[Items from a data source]
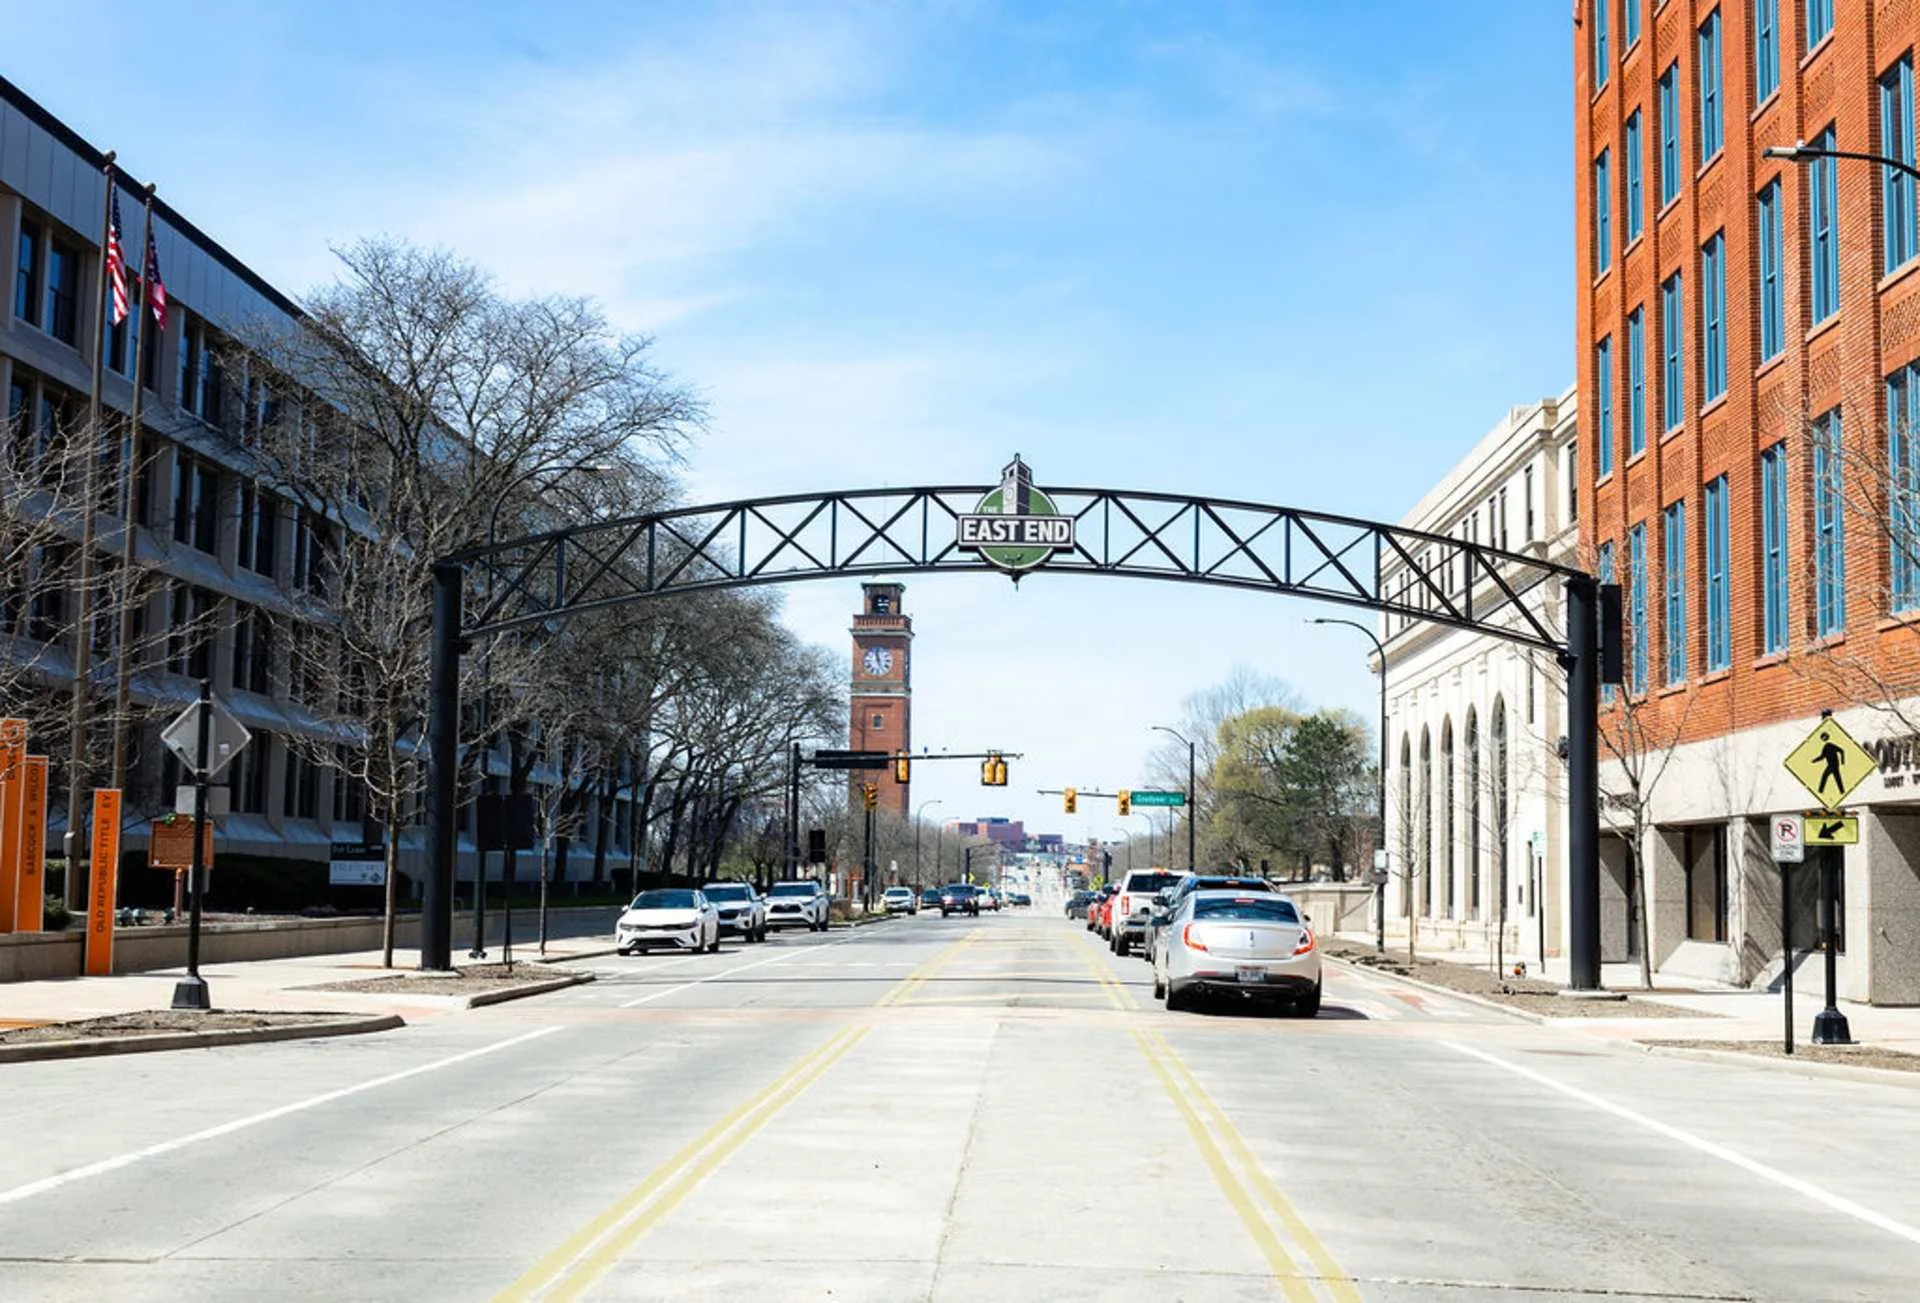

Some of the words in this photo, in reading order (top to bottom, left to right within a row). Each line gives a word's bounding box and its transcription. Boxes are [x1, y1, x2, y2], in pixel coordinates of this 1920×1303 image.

[982, 506, 998, 514] THE
[963, 519, 1019, 541] EAST
[1024, 520, 1070, 542] END
[100, 818, 111, 848] TITLE
[97, 852, 109, 907] REPUBLIC
[95, 910, 105, 933] OLD

* [TRY IT] Repeat every record above exactly. Omit the pictures.

* [SOLUTION TO THIS TASK]
Some of the words in this photo, in reading order (top to bottom, left to right within a row). Each line gives a word's bounding box and its transcription. Boxes are [x1, y1, x2, y2], in pixel coordinates of this 1920×1303 image.

[982, 506, 998, 514] THE
[963, 519, 1019, 541] EAST
[1024, 520, 1070, 542] END
[100, 818, 111, 848] TITLE
[97, 852, 109, 907] REPUBLIC
[95, 910, 105, 933] OLD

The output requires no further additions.